Stapleford History Society was formed with the aim of promoting public interest in local heritage. (We are the Stapleford in Cambridgeshire.)
We arrange meetings on alternate months throughout the year to hear a range of talks of local and more general historical interest. Reports of past meetings can be found on this site. Admission to our meetings for non-members is £3, free for Members. Membership of the Society is just £10 yearly for Individuals, £15 for a Family.
Occasionally we hold coffee mornings for specific purposes – such as gathering local memories of recent events, for future historical interest.
We also host a comprehensive archive of material, covering diverse aspects of village life during the earlier part of the 20th century. A sub group of members regularly meet with the aim of cataloguing the archive.
The speaker, a teacher, journalist and author of Get the children out – unsung heroes of the kindertransport, introduced us to the life and work of Dame Leah Manning. Though many of us had not previously known about this brave and caring woman, we learnt that in Young Street, Cambridge, a blue plaque commemorating her work with and for children was unveiled in 2020, that in Harlow there is the Leah Manning Centre in memory of her work for founding New Towns, and in Bilbao there is the Plaza Leah Manning in memory of her work for refugee children during the Spanish Civil War.
Leah Manning (nee Perrett) was born in Droitwich in 1886. Her parents were members of the Salvation Army and her Grandmother Sarah was a Victorian reformer who set up hostels for homeless girls, while her Grandfather was a Methodist Liberal. She grew up reading widely and was very interested in the pursuit of education for young people. (The Tories in the Commons and Bishops in the Lords had opposed Foster’s Education Act in 1872.) She passed the Entrance Examination for Homerton College and started as a student teacher in 1905 at The New Street (aka the Ragged) School. She soon realised that the children did not have the energy to be naughty and argued – unsuccessfully – for the provision of free school milk for all school children. She did eventually have a sort of victory over the council when she introduced England’s first after school club.

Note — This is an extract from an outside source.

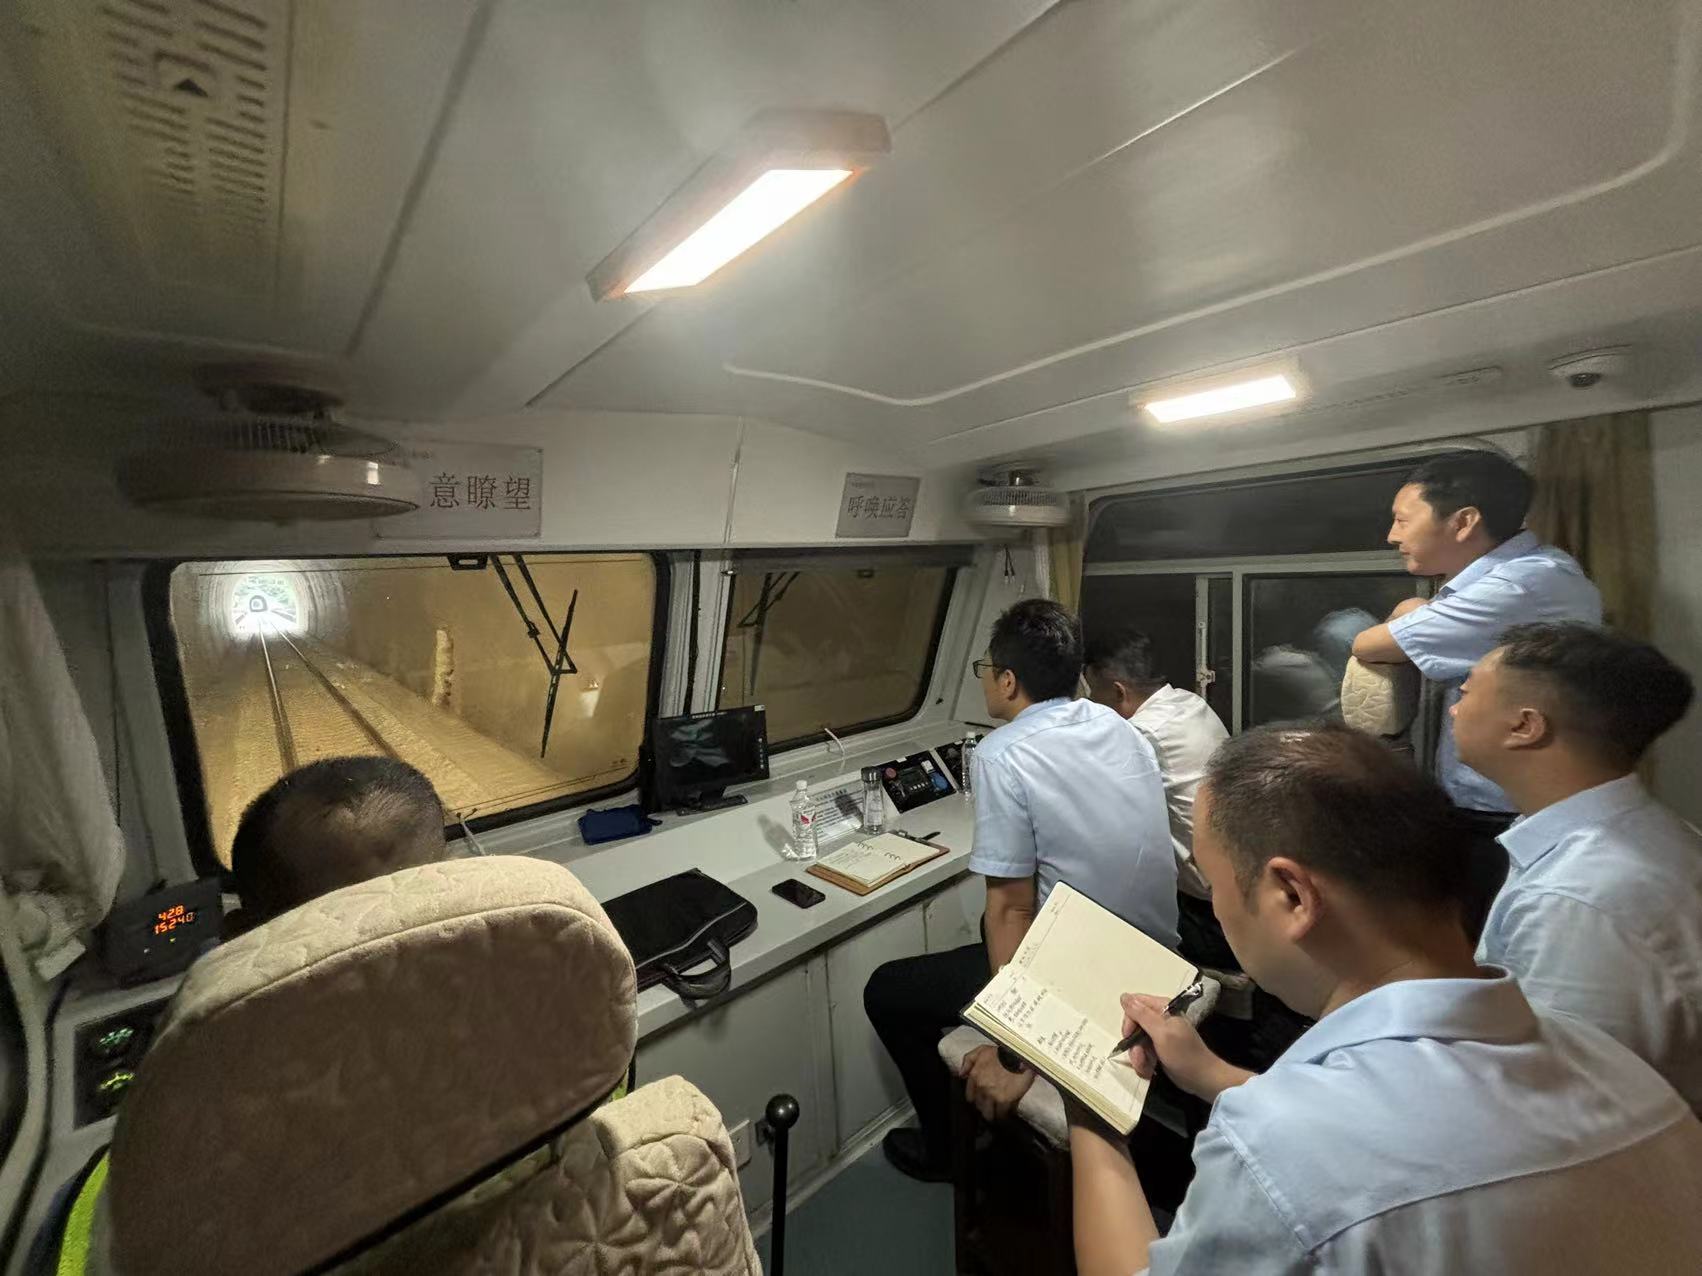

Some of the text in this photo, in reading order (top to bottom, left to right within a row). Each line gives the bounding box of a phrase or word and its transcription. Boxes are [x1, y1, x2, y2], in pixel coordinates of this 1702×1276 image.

In 1913 Leah married William Manning, an astronomer, but in 1914 war broke out. Leah, a pacifist, already had a Red Cross certificate so she volunteered as a VAD (Voluntary Aid Detachment) until the Local Education Authority asked if she would return to teaching. In 1921 she became Head of the Open Air School. In 1923, influenced by Marie Stopes, she was instrumental in the opening of the first Family Planning Clinic in Cambridge.
Leah Manning.
During the 1930s Leah Manning visited Germany to see for herself the conditions among the poor and also went to Spain to look at education and poverty there. She set up an escape route for children and even requisitioned a ship, the SS Habana, which General Franco tried to bomb. The twenty-nine who made it to Cambridge were initially housed in the Vicarage at Pampisford then in Station Road, the house now being the Steven Perse nursery department.
Hugh Dalton was a friend from her student days and, encouraged by him and others, she became Secretary then President of the National Union of Teachers (NUT). The Union sponsored her efforts to become an MP and eventually she became the MP for Epping then Islington. While MP for Epping she argued for the establishment of Harlow New Town when she served on the Commons Committee considering the 1946 New Towns Bill.
Leah Manning was clearly a most wonderful woman, a lifelong champion of women’s and children’s causes and one of the first women to enter parliament.